From First Principles

Ahan R

You can’t judge us according to logic. You accountants! You have to understand! You can only judge us according to the laws of religion. Faith! Our faith will make you jealous! What greatness do you have in your life? You have nothing. Just comfort.

Anonymous Bolshevik, Second-Hand Time

George Boole

A computer scientist just won the Nobel Prize for physics. Geoffrey Hinton. It's undeniable he's a genius, the question is whether he's a physicist. If you asked me that question before the Nobel Committee made their decision, I would probably be very confused. After all it seems obvious Hinton is a computer scientist.

Even he was 'flabbergasted' upon hearing the news, half awake in california. 'flabbergasted' Generally the same reaction most people had, after all the Turning prize exists, why didn't they just give him that?

Accounting

The computer starts with the logic gate. A gate is a physical device which implements boolean logic. There are many hardware implementations: optical, hydraulic, pneumatic etc. We personally use electricity - etching transistors into silicon. The primitive gates AND/OR/NOT can be used to implement any boolean function. Designing these composite gates isn't our problem, instead that's left to hardware designers. In producing chips, hardware designers use HDL (Hardware Description Language). A tool which allows for testing and simulation of proposed chip designs.

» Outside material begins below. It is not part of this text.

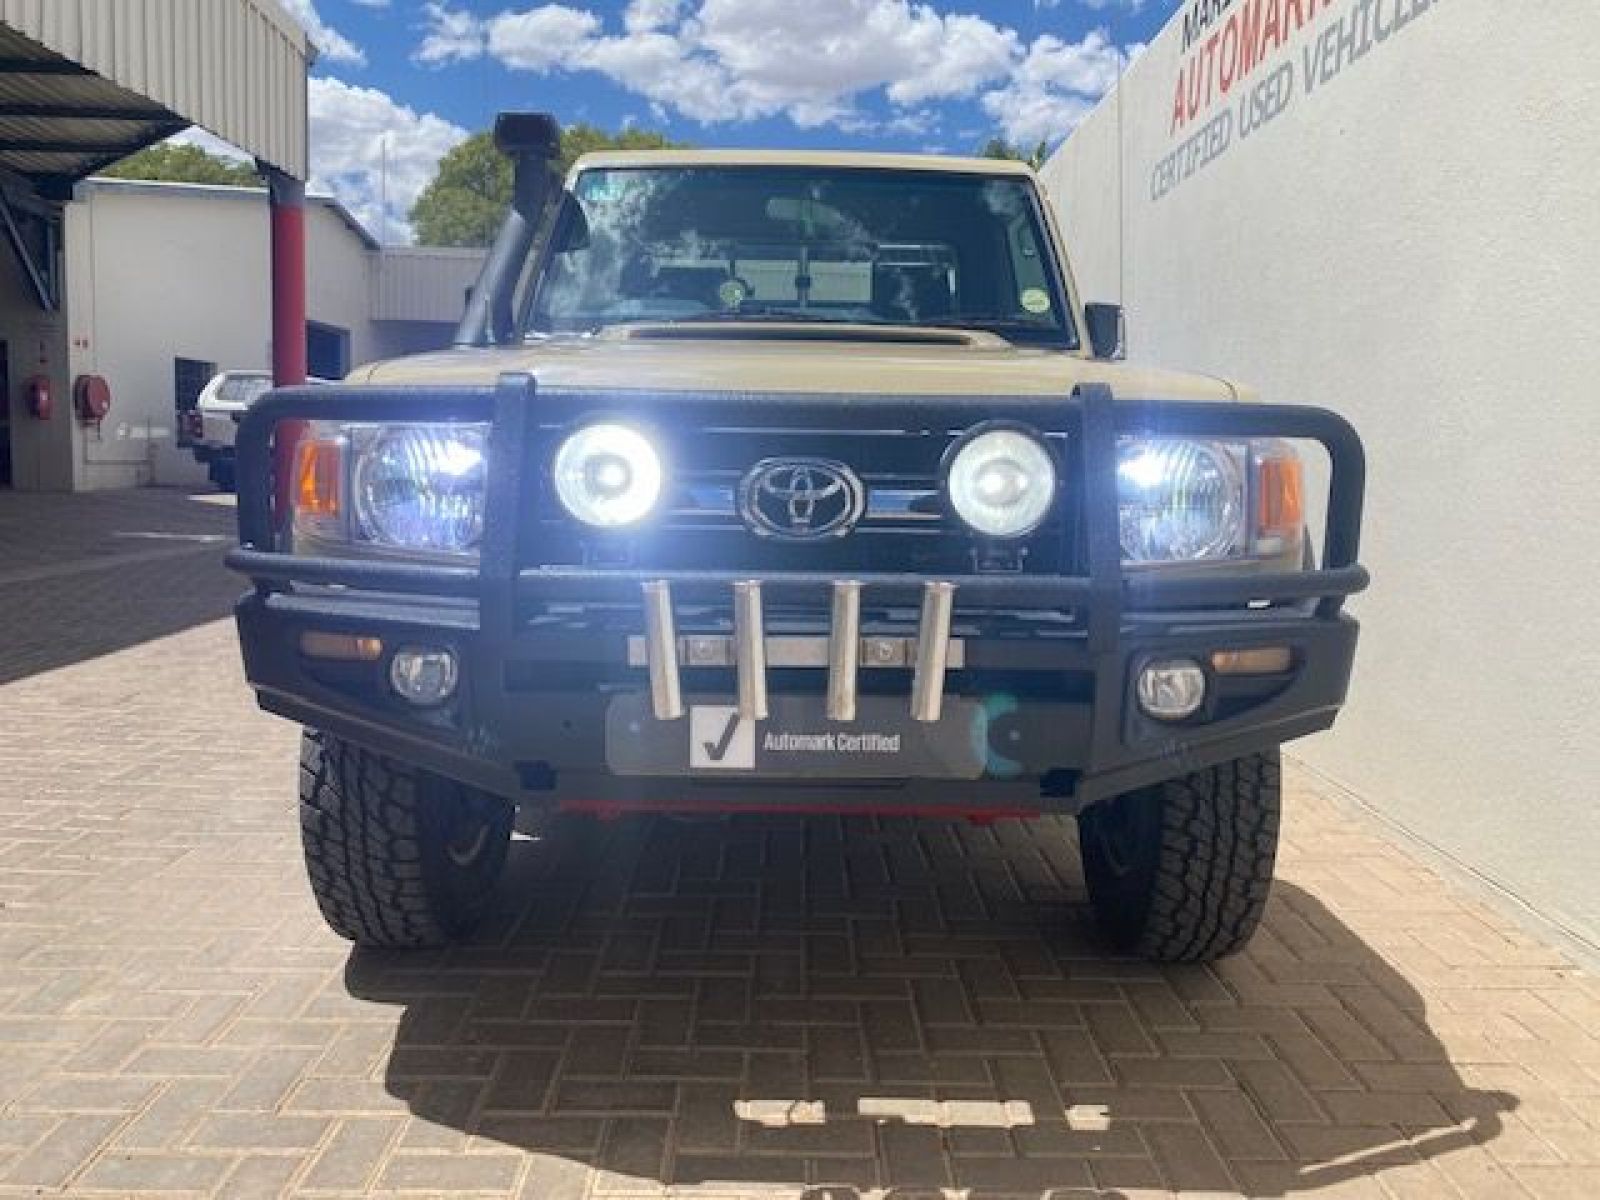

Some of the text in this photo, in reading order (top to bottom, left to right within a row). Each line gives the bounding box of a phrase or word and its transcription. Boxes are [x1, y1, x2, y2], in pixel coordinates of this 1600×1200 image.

HDL consists of a header section and a section. The former specifies the following information: Chip Name and # of input/output pins, whereas the latter describes the name and topology of all lower-level parts. This is an example of an HDL program:

/* And gate:
If a=1 and b=1, out=1 else out=0. */
CHIP And {
    IN a, b;
    OUT out;
    PARTS:
    And(a=a, b=b, out=out);
}

Instead of a compiler to run this code, we use a hardware simulator. This generates an output file which is consistent with the AND truth table. A | B | A AND B
---+---+---------
0 | 0 |    0
0 | 1 |    0
1 | 0 |    0
1 | 1 |    1
All we really require is a NAND gate in constructing any "elementary" logic gate. In actually implementing a logic gate in a real HDL, we'll use Verilog.

module AND_gate_b(a,b,y);
input a,b;
output y;

always @ (a,b)
y = a & b;

endmodule

A multiplexor is a gate with three inputs. 2 "data bits" and a single "selection bit". The selection bit decided which of the two inputs (data bits) to output. The opposite is a demultiplexor which takes a single input and channels it into two possible outputs depending on the selection bit.


Multiplexor
[IF S = 0 - OUTPUT = I0, if S = 1 - OUTPUT = I1]

 S | I0 | I1 | O
---+----+----+---
 0 |  0 |  0 | 0
 0 |  0 |  1 | 0
 0 |  1 |  0 | 1
 0 |  1 |  1 | 1
 1 |  0 |  0 | 0
 1 |  0 |  1 | 1
 1 |  1 |  0 | 0
 1 |  1 |  1 | 1

Demultiplexor

 S | D  | O0 | O1
---+----+----+----
 0 |  0 |  0 |  0
 0 |  1 |  1 |  0
 1 |  0 |  0 |  0
 1 |  1 |  0 |  1


            

Computer hardware generally functions on multi-bit arrays dubbed "buses". A 32-bit computer should be able to compute, bit-wise, and AND function on two 32-bit buses.